### THE TASK
Copy the records below without altering a single word.

★ ★ ★ ★

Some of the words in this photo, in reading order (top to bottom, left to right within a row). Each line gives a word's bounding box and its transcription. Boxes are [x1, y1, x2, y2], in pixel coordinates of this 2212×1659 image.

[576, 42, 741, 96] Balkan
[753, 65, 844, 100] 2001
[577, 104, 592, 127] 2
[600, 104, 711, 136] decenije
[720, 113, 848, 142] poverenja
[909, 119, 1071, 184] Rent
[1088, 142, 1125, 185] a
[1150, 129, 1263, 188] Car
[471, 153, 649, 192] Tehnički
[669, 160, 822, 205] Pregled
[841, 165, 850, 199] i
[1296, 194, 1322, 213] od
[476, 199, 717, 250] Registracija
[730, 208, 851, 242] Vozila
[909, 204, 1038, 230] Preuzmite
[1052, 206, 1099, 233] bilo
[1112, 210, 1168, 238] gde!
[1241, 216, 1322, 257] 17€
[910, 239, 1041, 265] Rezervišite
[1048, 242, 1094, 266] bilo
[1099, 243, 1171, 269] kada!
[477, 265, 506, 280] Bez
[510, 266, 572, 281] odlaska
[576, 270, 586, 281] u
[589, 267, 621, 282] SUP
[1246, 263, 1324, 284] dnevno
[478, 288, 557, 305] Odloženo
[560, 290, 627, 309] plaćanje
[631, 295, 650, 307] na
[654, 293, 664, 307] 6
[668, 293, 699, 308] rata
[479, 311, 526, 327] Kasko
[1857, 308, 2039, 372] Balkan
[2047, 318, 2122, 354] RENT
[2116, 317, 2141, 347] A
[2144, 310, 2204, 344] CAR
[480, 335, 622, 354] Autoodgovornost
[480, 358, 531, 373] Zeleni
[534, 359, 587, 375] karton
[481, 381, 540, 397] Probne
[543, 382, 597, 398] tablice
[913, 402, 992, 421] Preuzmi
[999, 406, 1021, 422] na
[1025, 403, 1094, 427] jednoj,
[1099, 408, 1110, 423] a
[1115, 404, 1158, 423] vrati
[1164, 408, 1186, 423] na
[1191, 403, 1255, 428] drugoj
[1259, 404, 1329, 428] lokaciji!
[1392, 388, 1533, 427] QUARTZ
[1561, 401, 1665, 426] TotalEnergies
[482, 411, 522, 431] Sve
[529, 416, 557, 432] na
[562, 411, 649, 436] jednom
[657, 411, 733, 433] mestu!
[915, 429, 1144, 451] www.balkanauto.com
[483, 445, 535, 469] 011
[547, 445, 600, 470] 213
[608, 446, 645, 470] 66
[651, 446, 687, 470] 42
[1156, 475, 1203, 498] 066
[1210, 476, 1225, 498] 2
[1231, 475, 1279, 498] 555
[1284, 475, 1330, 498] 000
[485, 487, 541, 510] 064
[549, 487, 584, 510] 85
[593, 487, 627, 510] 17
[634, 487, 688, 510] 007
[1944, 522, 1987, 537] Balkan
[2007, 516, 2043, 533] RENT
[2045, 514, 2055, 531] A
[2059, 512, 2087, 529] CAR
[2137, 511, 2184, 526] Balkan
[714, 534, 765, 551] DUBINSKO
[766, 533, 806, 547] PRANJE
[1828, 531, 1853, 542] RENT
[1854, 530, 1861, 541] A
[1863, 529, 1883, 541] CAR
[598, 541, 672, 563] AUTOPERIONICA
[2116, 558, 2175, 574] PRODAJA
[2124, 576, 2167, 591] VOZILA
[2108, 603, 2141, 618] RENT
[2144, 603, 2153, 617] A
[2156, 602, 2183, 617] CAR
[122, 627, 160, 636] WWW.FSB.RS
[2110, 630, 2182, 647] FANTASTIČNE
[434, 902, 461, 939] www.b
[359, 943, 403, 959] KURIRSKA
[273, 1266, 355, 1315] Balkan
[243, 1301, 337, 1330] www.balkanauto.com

★ ★ ★ ★

### THE COMPLETED TASK
Some of the words in this photo, in reading order (top to bottom, left to right within a row). Each line gives a word's bounding box and its transcription. Boxes are [x1, y1, x2, y2], in pixel coordinates of this 2212×1659 image.

[576, 42, 741, 96] Balkan
[753, 65, 844, 100] 2001
[577, 104, 592, 127] 2
[600, 104, 711, 136] decenije
[720, 113, 848, 142] poverenja
[909, 119, 1071, 184] Rent
[1088, 142, 1125, 185] a
[1150, 129, 1263, 188] Car
[471, 153, 649, 192] Tehnički
[669, 160, 822, 205] Pregled
[841, 165, 850, 199] i
[1296, 194, 1322, 213] od
[476, 199, 717, 250] Registracija
[730, 208, 851, 242] Vozila
[909, 204, 1038, 230] Preuzmite
[1052, 206, 1099, 233] bilo
[1112, 210, 1168, 238] gde!
[1241, 216, 1322, 257] 17€
[910, 239, 1041, 265] Rezervišite
[1048, 242, 1094, 266] bilo
[1099, 243, 1171, 269] kada!
[477, 265, 506, 280] Bez
[510, 266, 572, 281] odlaska
[576, 270, 586, 281] u
[589, 267, 621, 282] SUP
[1246, 263, 1324, 284] dnevno
[478, 288, 557, 305] Odloženo
[560, 290, 627, 309] plaćanje
[631, 295, 650, 307] na
[654, 293, 664, 307] 6
[668, 293, 699, 308] rata
[479, 311, 526, 327] Kasko
[1857, 308, 2039, 372] Balkan
[2047, 318, 2122, 354] RENT
[2116, 317, 2141, 347] A
[2144, 310, 2204, 344] CAR
[480, 335, 622, 354] Autoodgovornost
[480, 358, 531, 373] Zeleni
[534, 359, 587, 375] karton
[481, 381, 540, 397] Probne
[543, 382, 597, 398] tablice
[913, 402, 992, 421] Preuzmi
[999, 406, 1021, 422] na
[1025, 403, 1094, 427] jednoj,
[1099, 408, 1110, 423] a
[1115, 404, 1158, 423] vrati
[1164, 408, 1186, 423] na
[1191, 403, 1255, 428] drugoj
[1259, 404, 1329, 428] lokaciji!
[1392, 388, 1533, 427] QUARTZ
[1561, 401, 1665, 426] TotalEnergies
[482, 411, 522, 431] Sve
[529, 416, 557, 432] na
[562, 411, 649, 436] jednom
[657, 411, 733, 433] mestu!
[915, 429, 1144, 451] www.balkanauto.com
[483, 445, 535, 469] 011
[547, 445, 600, 470] 213
[608, 446, 645, 470] 66
[651, 446, 687, 470] 42
[1156, 475, 1203, 498] 066
[1210, 476, 1225, 498] 2
[1231, 475, 1279, 498] 555
[1284, 475, 1330, 498] 000
[485, 487, 541, 510] 064
[549, 487, 584, 510] 85
[593, 487, 627, 510] 17
[634, 487, 688, 510] 007
[1944, 522, 1987, 537] Balkan
[2007, 516, 2043, 533] RENT
[2045, 514, 2055, 531] A
[2059, 512, 2087, 529] CAR
[2137, 511, 2184, 526] Balkan
[714, 534, 765, 551] DUBINSKO
[766, 533, 806, 547] PRANJE
[1828, 531, 1853, 542] RENT
[1854, 530, 1861, 541] A
[1863, 529, 1883, 541] CAR
[598, 541, 672, 563] AUTOPERIONICA
[2116, 558, 2175, 574] PRODAJA
[2124, 576, 2167, 591] VOZILA
[2108, 603, 2141, 618] RENT
[2144, 603, 2153, 617] A
[2156, 602, 2183, 617] CAR
[122, 627, 160, 636] WWW.FSB.RS
[2110, 630, 2182, 647] FANTASTIČNE
[434, 902, 461, 939] www.b
[359, 943, 403, 959] KURIRSKA
[273, 1266, 355, 1315] Balkan
[243, 1301, 337, 1330] www.balkanauto.com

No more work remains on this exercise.